Near Crystal Springs, US 93 curves right while intersecting State Routes 318 and 375. US 93 continues east to mountainous terrain to the town of Caliente. The highway turns left to go north to Pioche. 80 mi later, the highway turns left at an intersection with U.S. Routes 6 and 50. From State Route 318 to the US Routes 6 and 50 intersection, the highway is a Nevada Scenic Byway. Near Ely, the three U.S. routes separate. US 6 turns left before the intersection US 50 and 93 separate, heading southwest. US 50 and 93 separate, with route 50 heading northwest towards Austin, Nevada and route 93 heading northeast.

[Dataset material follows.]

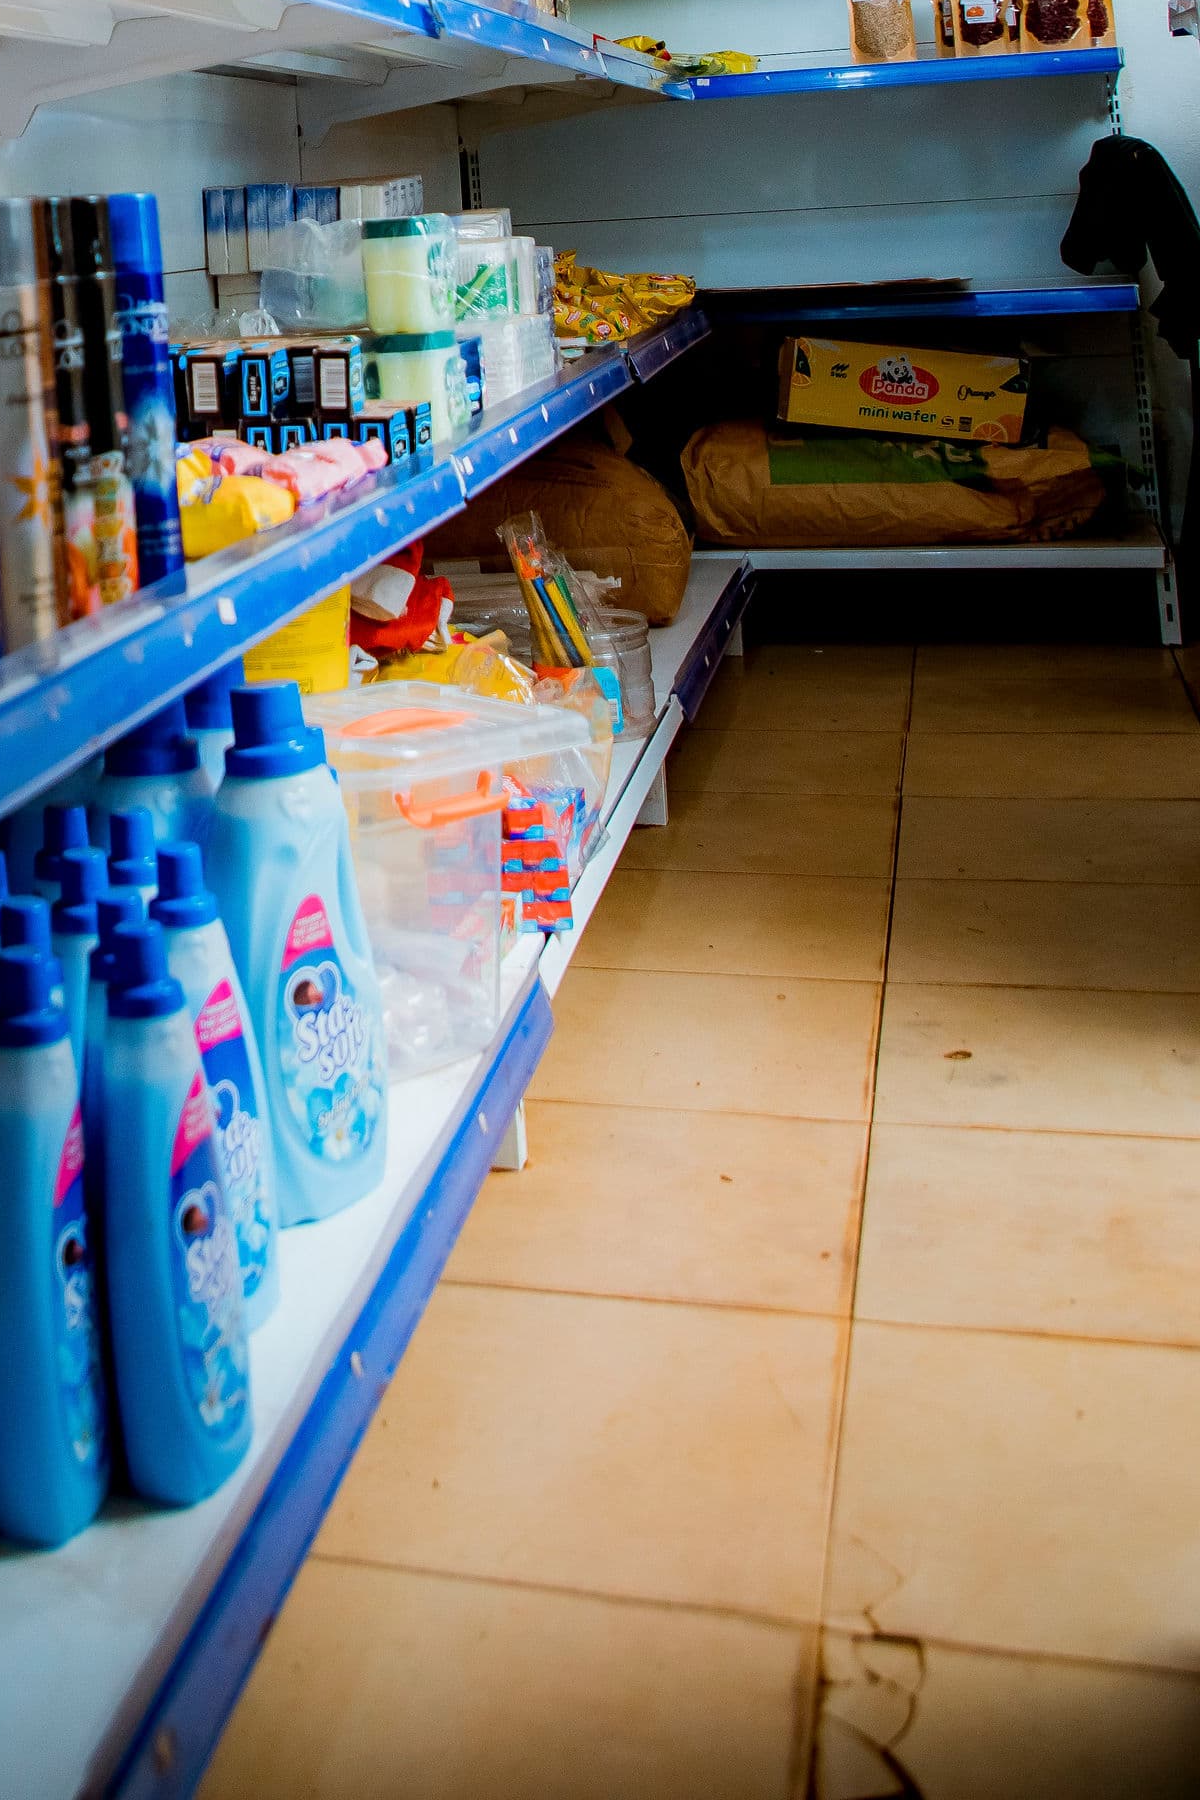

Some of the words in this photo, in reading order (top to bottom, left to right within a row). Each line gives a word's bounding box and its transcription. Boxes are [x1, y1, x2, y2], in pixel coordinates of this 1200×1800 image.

[873, 377, 927, 397] Panda
[957, 384, 997, 401] Orange
[858, 405, 889, 418] mini
[892, 408, 937, 423] wafer

At Lages Station, US 93 turns left, while US 93 Alternate continues straight. In Wells, US 93 intersects Interstate 80. The highway continues into Idaho after passing through Jackpot. Between Ely and Wells, there are no services for 136 mi.

==History==
===Establishment===
U.S. Route 93 was not one of the original U.S. highways proposed in the 1925 Bureau of Public Roads plan. However, the revised numbering plan approved by the American Association of State Highway Officials (AASHO) on November 11, 1926 established US 93 from the Canada–US border near Eureka, Montana south through Montana and Idaho to a southern terminus at Wells, Nevada. The establishment of the highway was reflected on Nevada's 1927 official highway map. The Nevada section was approximately 70 mi, commissioned along what was then the northern portion of State Route 13.

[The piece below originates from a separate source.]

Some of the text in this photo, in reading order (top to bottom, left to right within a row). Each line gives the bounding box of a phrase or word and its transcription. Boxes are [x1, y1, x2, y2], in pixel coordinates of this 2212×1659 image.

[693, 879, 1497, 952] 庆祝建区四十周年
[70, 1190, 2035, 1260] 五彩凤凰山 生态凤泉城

AASHO, at its June 8, 1931 meeting, approved a southerly extension of US 93 south to Glendale, Nevada. By 1932, the Nevada Department of Highways had marked the continuation of the highway using the routing of several preexisting state highways as follows:
- From Wells, US 93 continued southeast along the remainder of SR 13 to its terminus at Lages Station.
- At Lages Station, the highway turned south, overlapping the southern portion of State Route 24 to Magnuson's Ranch.
- At Magnuson's Ranch, US 93 followed State Route 2 south for 31.2 mi to Ely.
- The highway was then routed concurrently along the entirety of the nearly 250 mi State Route 7, running southeast from Ely through Connor's Pass, south through Pioche to Caliente, west to Crystal Springs and then southeast through Alamo and Moapa before terminating at U.S. Route 91/State Route 6 in Glendale.

At the request of the Arizona State Highway Department, the AASHO route numbering committee approved another extension of US 93 in 1935. This shifted the southern terminus south to Kingman, Arizona by way of Las Vegas. However, Nevada officials may not have signed the extension of US 93 right away, since it was not shown on state-published maps until 1939. The highway was again extended along existing highways:
- From Glendale, US 93 followed US 91/SR 6 southwest 50 mi to Las Vegas.
- In downtown Las Vegas, the route turned southeast and ran concurrent with U.S. Route 466/State Route 5 for 19 mi southeast to the town of Alunite (near the present-day Railroad Pass).
- At Alunite, US 93 and US 466 turned to follow State Route 26 east for 4 mi into Boulder City.
- In Boulder City, the combined US Routes dropped SR 26 and gained State Route 42 for the final 6 mi journey towards Boulder Dam and into Arizona.
The new routing put the Nevada mileage of U.S. Route 93 at approximately 540 mi. The entire highway within Nevada was paved by 1939.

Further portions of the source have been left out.